Naturally that wasn’t Mark Zuckerberg’s intention. The changes to News Feed are ostensibly his “fix” to the problems that have been plaguing Facebook and its overall user experience in recent times – namely the deluge of fake news, hoaxes and misinformation that have dominated News Feed and the apparent fact that Russian operatives and other groups were able to manipulate the feed, quite likely to the point of affecting the outcome of the 2016 Presidential election.

Zuckerberg has struggled to come to grips with the fact that is social media platform had become the equivalent of a major media publisher to the point that he could no longer avoid the gatekeeping responsibilities that come with such a role – it was no longer enough to say, “Hey, we’re just a neutral software tool, it’s not up to us to pass judgment on our users’ opinions.” And it’s become increasingly clear that the problem isn’t something that can be fixed simply with machine-learning algorithms – at least not for some time yet.

Consequently, the real question is: will the News Feed changes help diminish (if not entirely eliminate) the problem of viral fake news, memes and political manipulation?

I don’t think it will, for a reason I’ve touched on before –Facebook, Twitter and other social media platforms are only part of the problem.
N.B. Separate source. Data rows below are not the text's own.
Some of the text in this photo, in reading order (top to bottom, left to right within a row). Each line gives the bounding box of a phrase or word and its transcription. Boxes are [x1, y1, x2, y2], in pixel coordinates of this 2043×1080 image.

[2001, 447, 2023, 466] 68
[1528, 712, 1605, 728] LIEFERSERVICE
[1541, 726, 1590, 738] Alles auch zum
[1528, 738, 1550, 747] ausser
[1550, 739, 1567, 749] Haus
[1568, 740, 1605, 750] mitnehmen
The other part of the problem is the purveyors of such content and users gullible enough to take it at face value because it slots in perfectly with whatever echo chamber/reality bubble they already inhabit. Like it or not, there is an audience for this stuff, and the audience believes this stuff is real (just as they often believe anything from outside the chamber is fake).

I don’t see how pushing third-party content down to the bottom of the News Feed will help. What’s stopping users from getting such content from Twitter or media sites directly (or from their Pages that host all those political memes that are often inaccurate, if not insane) and sharing it as a personal post? It’s as if Facebook is banking on users being too lazy to go to the trouble of getting news from somewhere else and posting a link on Facebook.
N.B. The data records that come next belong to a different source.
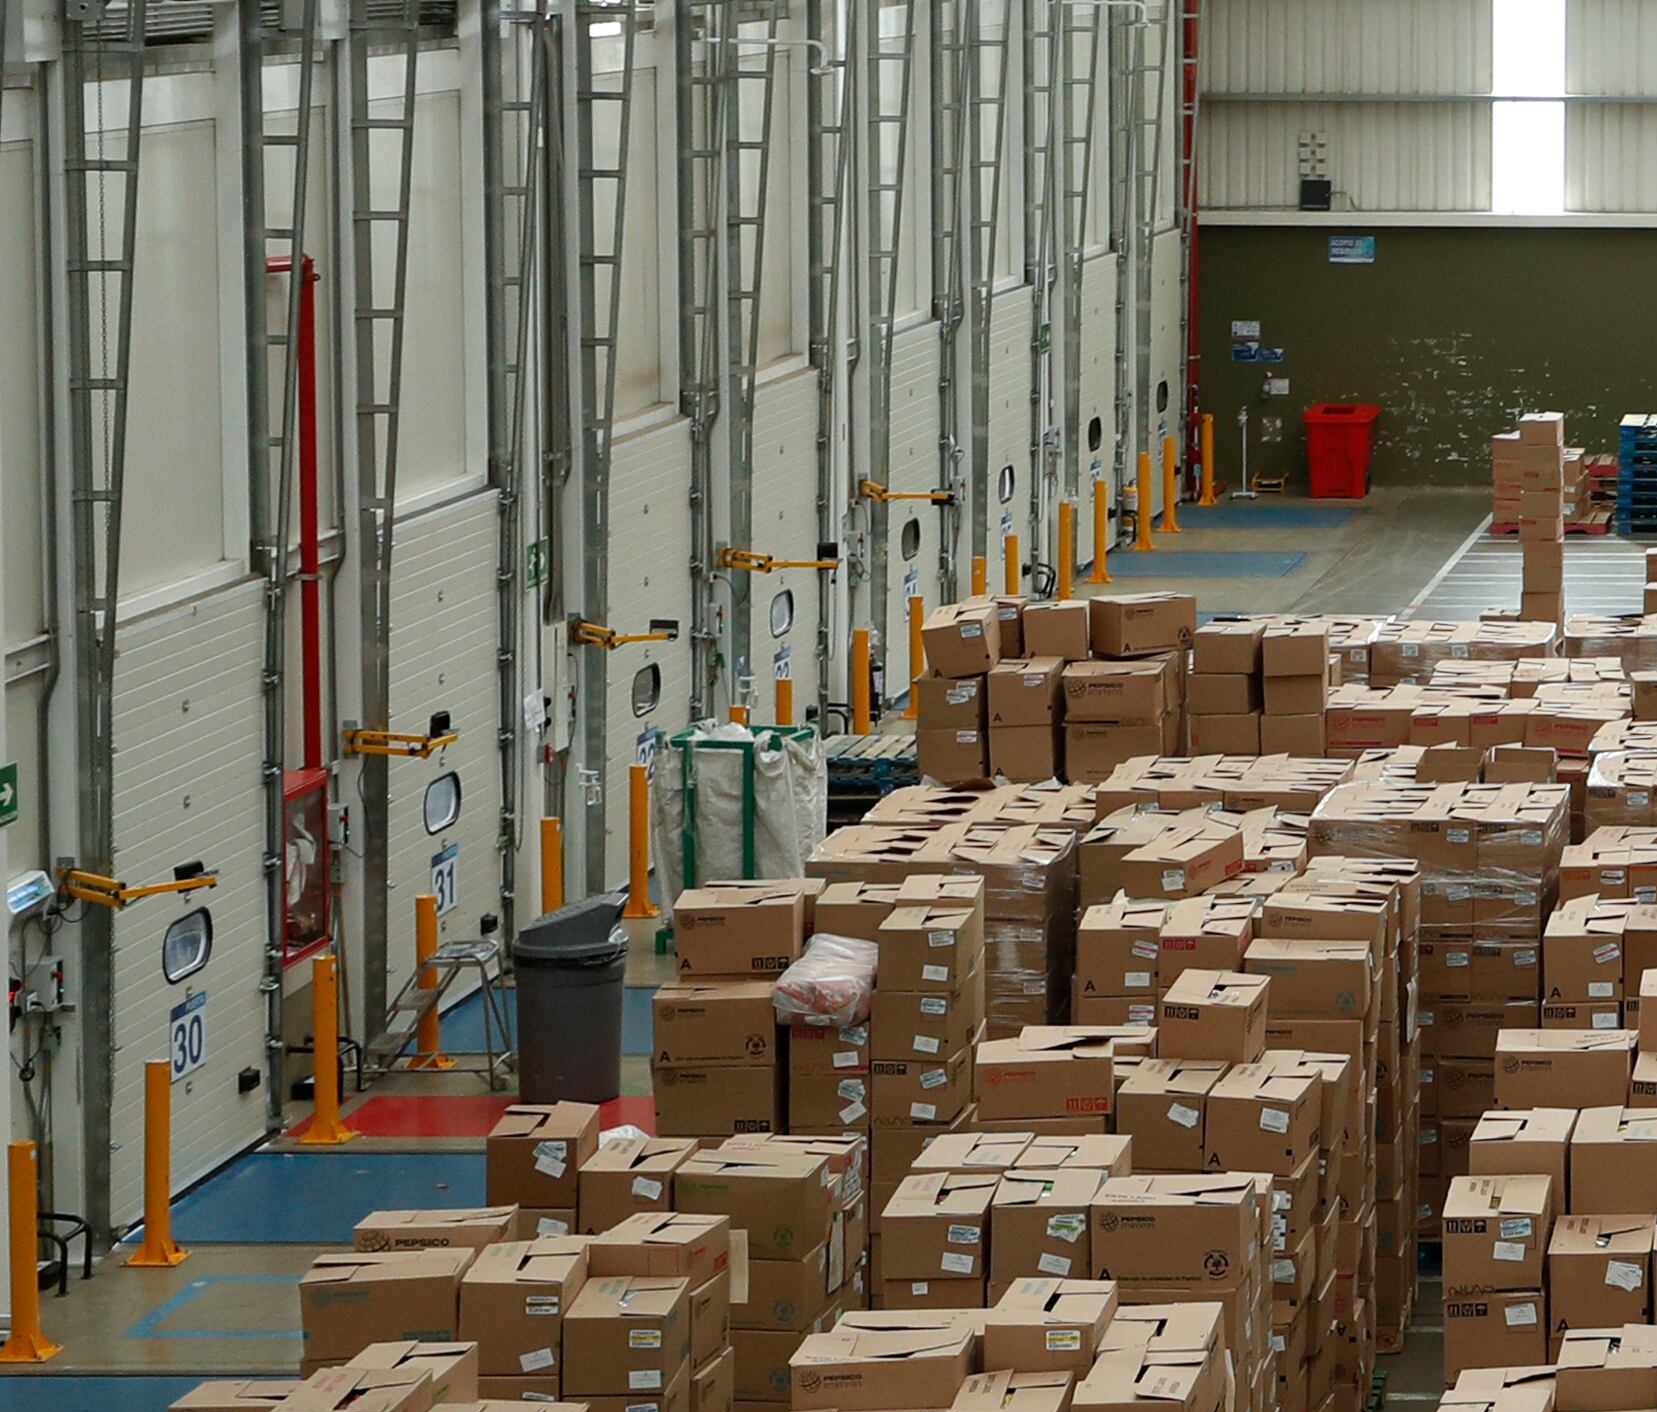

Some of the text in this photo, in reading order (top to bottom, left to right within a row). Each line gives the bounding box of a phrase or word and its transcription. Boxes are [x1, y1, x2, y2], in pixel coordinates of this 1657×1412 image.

[435, 863, 455, 912] 31
[681, 958, 691, 969] A
[1085, 979, 1095, 991] A
[1551, 987, 1561, 998] A
[174, 1015, 203, 1074] 30
[659, 1051, 669, 1062] A
[1209, 1154, 1220, 1165] A
[394, 1238, 449, 1247] PEPSICO
Also, as Vox points out, it’s not like the creators of such content (and the political groups relaying their content to their audience) don’t know how to game the engagement-driven system Facebook will be relying on to make this work:

Above all, Facebook’s reversion to reliance on individual users to drive content does nothing to address longstanding concerns about echo chambers and “filter bubbles” on the site. Without the ostensibly neutral tone of third-party media outlets on your feeds, these information silos may only get worse.
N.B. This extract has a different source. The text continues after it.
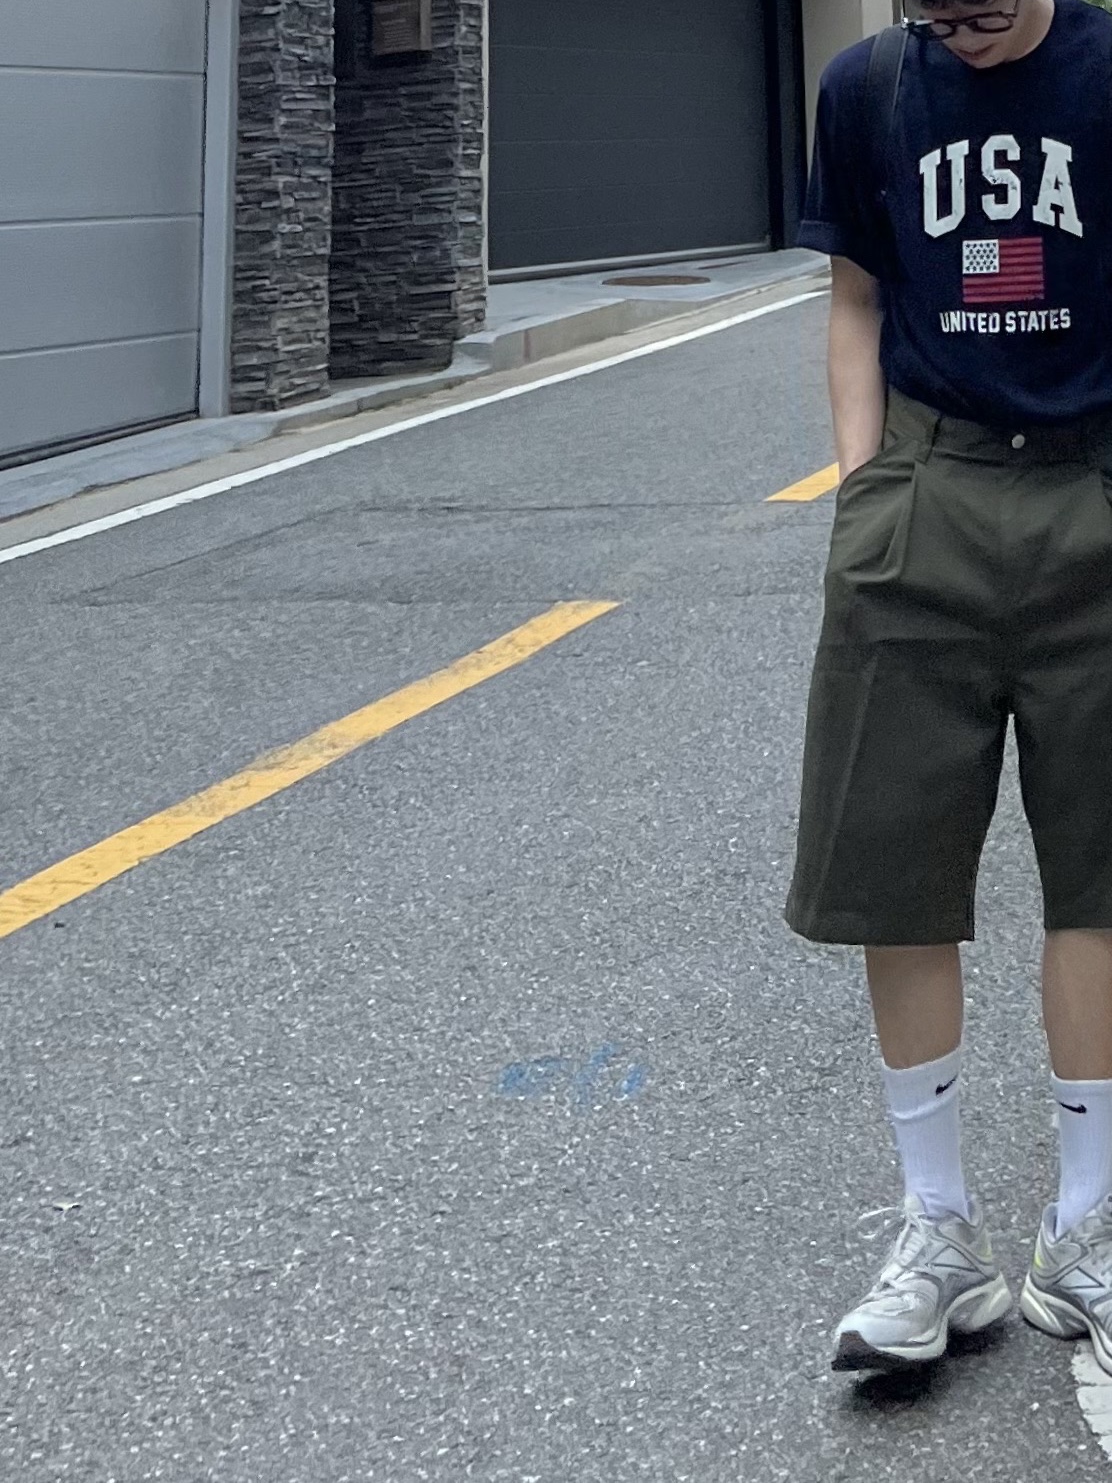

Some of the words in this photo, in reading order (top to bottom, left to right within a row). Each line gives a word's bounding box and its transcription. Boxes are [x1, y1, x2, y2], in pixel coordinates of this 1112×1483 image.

On the bright side, it’s a milestone of sorts that Facebook – and Zuckerberg in particular – has finally admitted that it has big problems that are making Facebook a worse experience for many users. Clearly Facebook couldn’t address the problem until it admitted the problem existed and that it was Facebook’s responsibility to deal with it. And it’s perhaps a show of good faith that Zuckerberg is willing to endure some short-term financial pain as a starting point.

But it’s just that: a starting point. Facebook has a lot of work ahead to make social media a positive experience again. And the human condition being what it is, there’s arguably only so much Facebook can do without making investors even more sad.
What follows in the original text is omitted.